Your assignment: Could you transcribe each entry below exactly, minus the images?

======== Provided entries

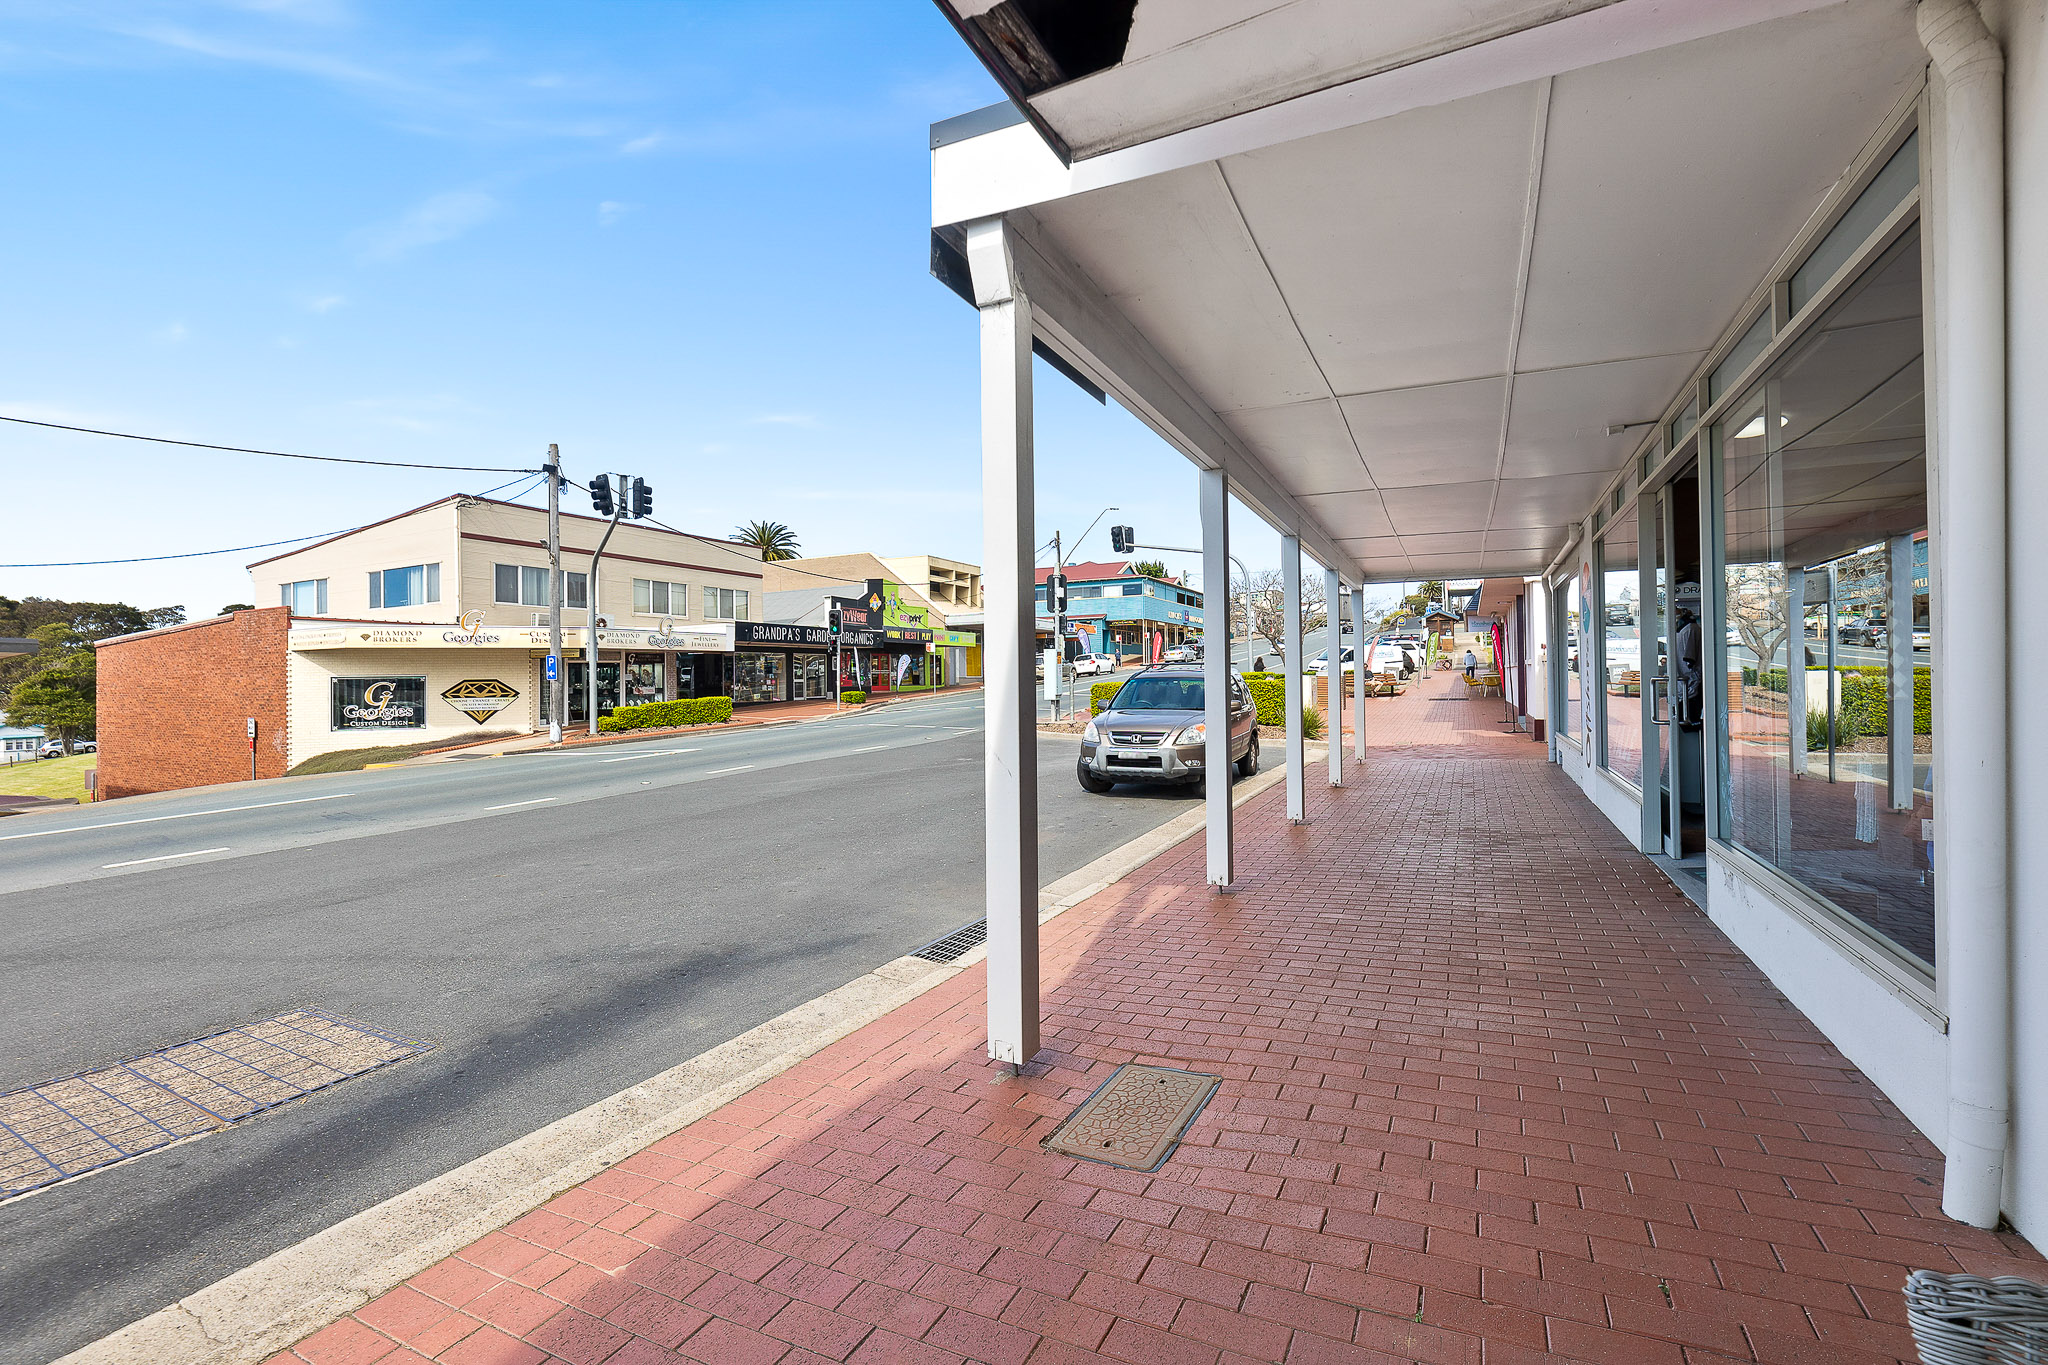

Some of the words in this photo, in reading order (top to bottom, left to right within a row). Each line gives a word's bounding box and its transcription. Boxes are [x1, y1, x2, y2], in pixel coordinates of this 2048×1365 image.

[442, 631, 500, 646] Georgies
[647, 634, 686, 649] Georgies
[752, 625, 801, 641] GRANDPA'S
[806, 628, 837, 643] GARDE
[840, 631, 874, 645] ORGANICS
[548, 657, 555, 667] P
[343, 704, 414, 721] Georgies
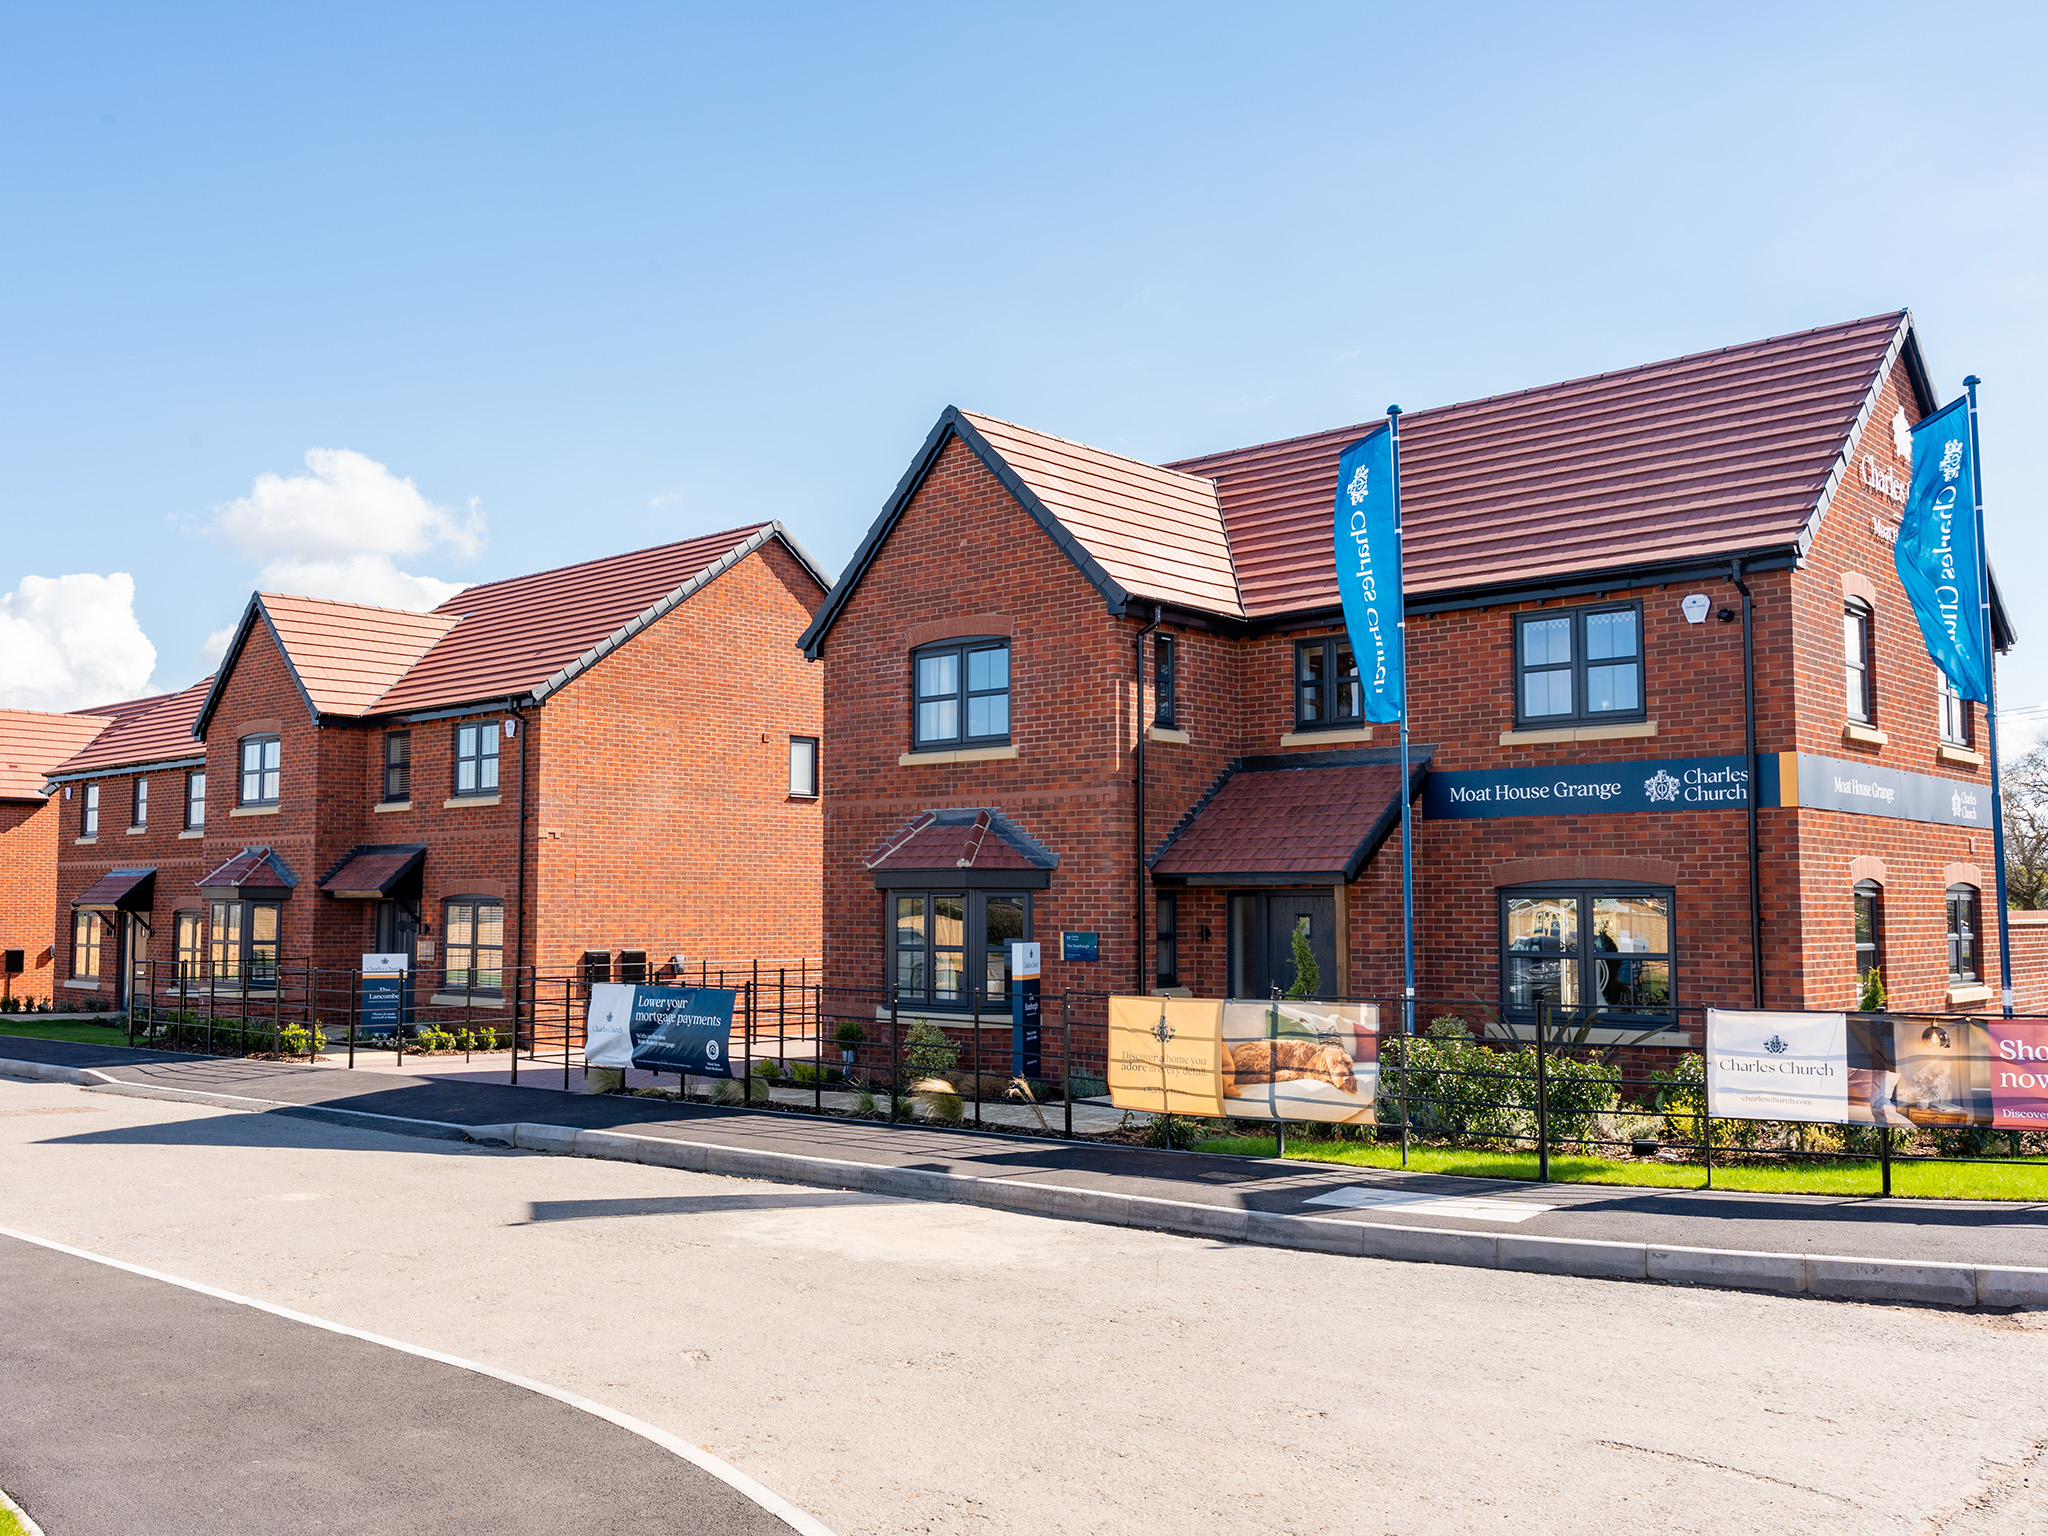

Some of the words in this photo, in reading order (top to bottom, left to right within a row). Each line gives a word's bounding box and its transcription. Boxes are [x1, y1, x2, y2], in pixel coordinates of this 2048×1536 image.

[1862, 454, 1905, 503] Charles
[1684, 766, 1749, 785] Charles
[1450, 786, 1492, 803] Moat
[1495, 783, 1550, 801] House
[1553, 781, 1622, 800] Grange
[1684, 785, 1748, 802] Church
[1834, 776, 1852, 793] Moat
[1852, 779, 1872, 796] House
[1872, 782, 1895, 804] Grange
[1960, 790, 1977, 806] Charles
[1961, 805, 1977, 820] Church
[638, 995, 666, 1008] Lower
[666, 999, 688, 1011] your
[636, 1012, 676, 1025] mortgage
[677, 1014, 722, 1027] payments
[1122, 1050, 1158, 1062] Discover
[1166, 1054, 1188, 1064] home
[1190, 1057, 1207, 1067] you
[1999, 1039, 2048, 1061] Sho
[1121, 1062, 1148, 1072] adore
[1720, 1058, 1776, 1073] Charles
[1779, 1061, 1834, 1076] Church
[1741, 1095, 1813, 1106] charleschurch.com
[2002, 1108, 2048, 1119] Discove

================

Exercise output:
Some of the words in this photo, in reading order (top to bottom, left to right within a row). Each line gives a word's bounding box and its transcription. Boxes are [x1, y1, x2, y2], in pixel coordinates of this 2048×1365 image.

[442, 631, 500, 646] Georgies
[647, 634, 686, 649] Georgies
[752, 625, 801, 641] GRANDPA'S
[806, 628, 837, 643] GARDE
[840, 631, 874, 645] ORGANICS
[548, 657, 555, 667] P
[343, 704, 414, 721] Georgies

Some of the words in this photo, in reading order (top to bottom, left to right within a row). Each line gives a word's bounding box and its transcription. Boxes are [x1, y1, x2, y2], in pixel coordinates of this 2048×1536 image.

[1862, 454, 1905, 503] Charles
[1684, 766, 1749, 785] Charles
[1450, 786, 1492, 803] Moat
[1495, 783, 1550, 801] House
[1553, 781, 1622, 800] Grange
[1684, 785, 1748, 802] Church
[1834, 776, 1852, 793] Moat
[1852, 779, 1872, 796] House
[1872, 782, 1895, 804] Grange
[1960, 790, 1977, 806] Charles
[1961, 805, 1977, 820] Church
[638, 995, 666, 1008] Lower
[666, 999, 688, 1011] your
[636, 1012, 676, 1025] mortgage
[677, 1014, 722, 1027] payments
[1122, 1050, 1158, 1062] Discover
[1166, 1054, 1188, 1064] home
[1190, 1057, 1207, 1067] you
[1999, 1039, 2048, 1061] Sho
[1121, 1062, 1148, 1072] adore
[1720, 1058, 1776, 1073] Charles
[1779, 1061, 1834, 1076] Church
[1741, 1095, 1813, 1106] charleschurch.com
[2002, 1108, 2048, 1119] Discove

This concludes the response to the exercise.